Since 1988, the Canada’s New Noah program has given young biologists in Canada the opportunity of a lifetime. Each year, Wildlife Preservation Canada selects a candidate from dozens of applicants across Canada for the single, coveted working internship on the island of Mauritius, and participation in a three month long degree in Endangered Species Management at the Durrell Conservation Academy in the UK.

It had been four months since I completed my Masters thesis. I was keeping busy piecing together scholarship applications, drafting research papers, and grappling with the uncertainty about what would come next. Wildlife-related work prospects were poor in winter and I did not desire to stare at a screen for the months ahead. With several scholarship applications submitted and a hankering to dive deeper into topics explored during my thesis, I struck out on a somewhat impulsive winter road trip to sample natural history museum collections in the northeastern United States. I had time and there was data to collect.

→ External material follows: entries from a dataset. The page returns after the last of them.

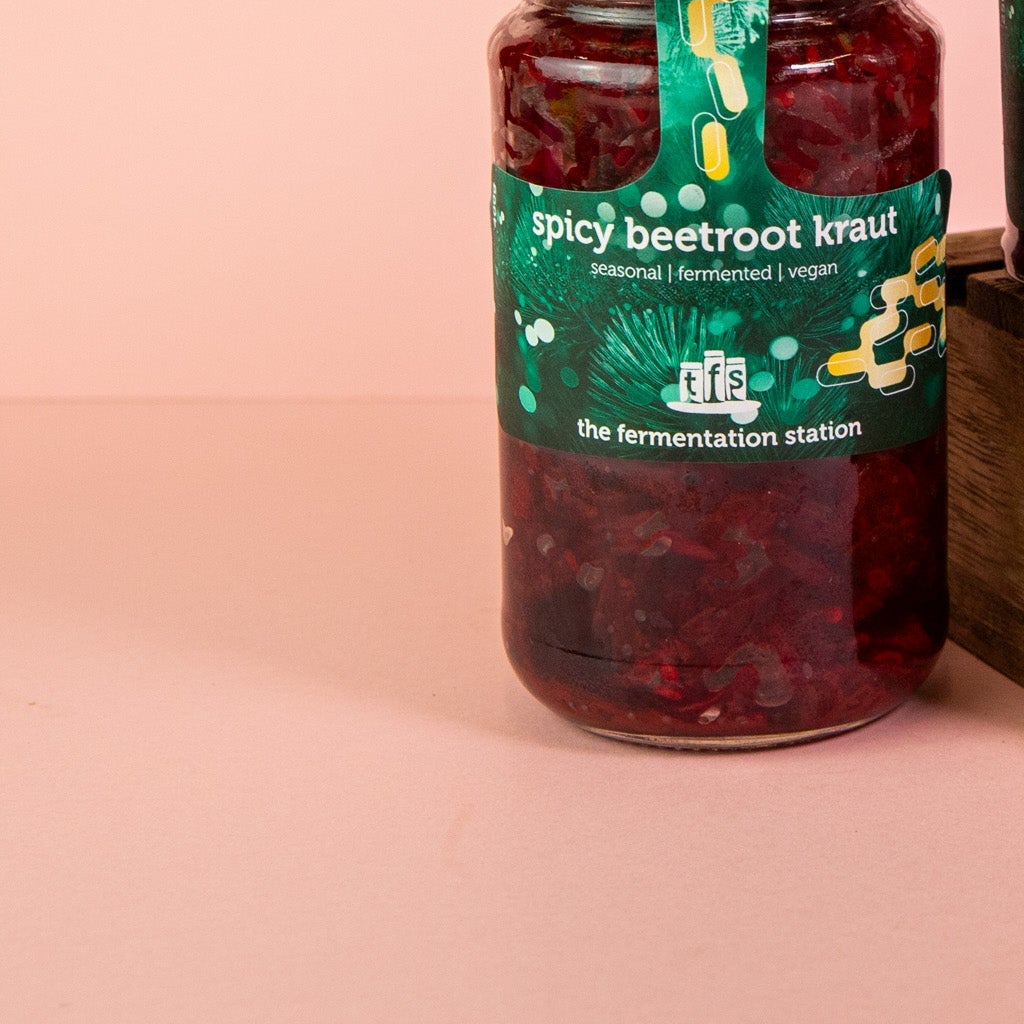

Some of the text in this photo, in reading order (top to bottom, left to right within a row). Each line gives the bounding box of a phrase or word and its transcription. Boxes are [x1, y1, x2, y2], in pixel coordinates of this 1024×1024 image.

[531, 205, 898, 255] spicy beetroot kraut
[590, 262, 662, 280] seasonal
[678, 265, 772, 282] fermented
[787, 262, 838, 281] vegan
[682, 362, 746, 403] tfs
[577, 417, 862, 448] the fermentation station

On 10 February 2015, while visiting the collections of the Peabody Museum at Yale University, an email dropped into my inbox: “Re: Canada’s New Noah Program”. It was a congratulatory message–I had made the short list and would be interviewed! The weeks that followed were filled with giddy excitement and nervousness as I hunched over pickled museum specimens by day and huddled in a small sedan in public parking lots by night (who car camps in the northeast in winter anyways?).

Left: Self-portrait with Torosaurus in the Cretaceous Garden at the Peabody Museum of Natural History on the day of the Canada’s New Noah interview announcement. Right: Time to celebrate with a visit to the incredible Beinecke Rare Book and Manuscript Library (Yale University)!

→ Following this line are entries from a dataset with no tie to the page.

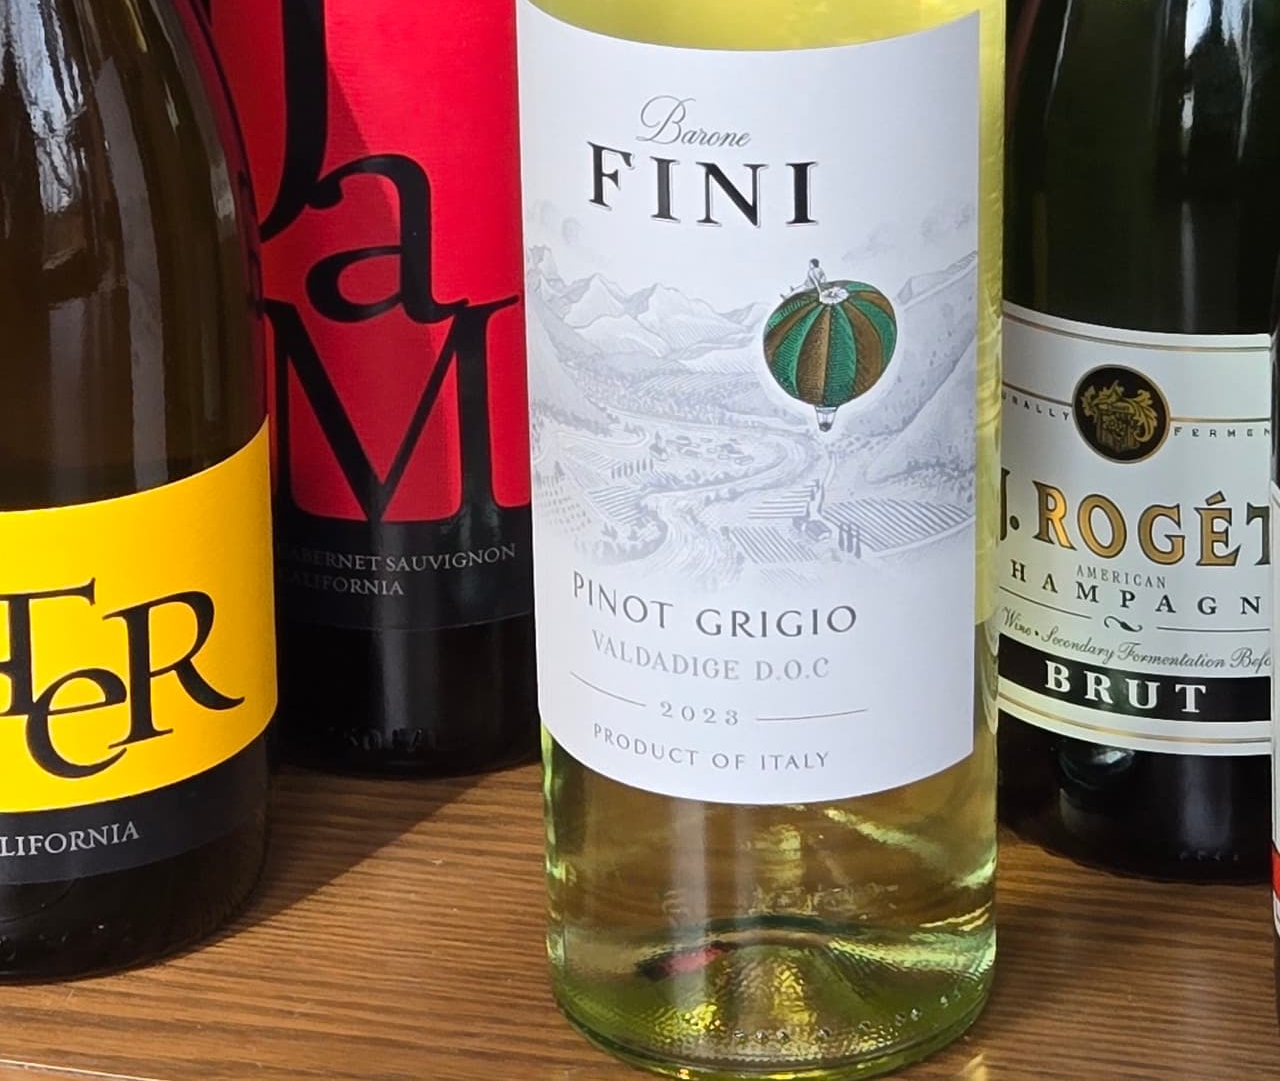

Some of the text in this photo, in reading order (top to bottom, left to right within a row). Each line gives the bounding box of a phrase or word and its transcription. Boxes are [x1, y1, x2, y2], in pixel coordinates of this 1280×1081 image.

[635, 94, 751, 149] Barone
[586, 138, 820, 229] FINI
[286, 542, 516, 573] ABERNET SAUVIGNON
[1076, 564, 1167, 589] AMERICAN
[282, 568, 404, 597] ALIFORNIA
[573, 569, 857, 639] PINOT GRIGIO
[592, 629, 830, 682] VALDADIGE D.O.C
[1041, 625, 1114, 665] Secondary
[1117, 640, 1225, 667] Fermentation
[1043, 658, 1207, 715] BRUT
[659, 700, 739, 727] 2023
[593, 722, 830, 771] PRODUCT OF ITALY

During the early afternoon of 23 February, I interviewed online (a novelty then!) from a dimly lit basement of the Smithsonian Institute museum collection on the outskirts of Washington D.C. I remember a few nerve-wracking glitches on the feeble internet connection, a short digression into environmental politics (Isn’t proper form not to discuss politics in a new crowd?), many laughs with my interviewers, and, most of all, the kindness of the Wildlife Preservation Canada staff. A couple days later I was overjoyed to that I was selected as the 26th Canada’s New Noah (2015). From there, arrangements moved quickly. Revisiting those emails and notes sent my heart aflutter: By 05 March I cut my museum circuit short and headed back to Ontario; 09 March was an in-person orientation meeting at the WPC office in Guelph; 11 March was a major paperwork day for a visa application; 16 March was a flight booking; and on 31 March, I boarded my first in a series of flights, arriving 27 hours later in Mauritius. The searing island heat was a welcomed contrast from the preceding weeks.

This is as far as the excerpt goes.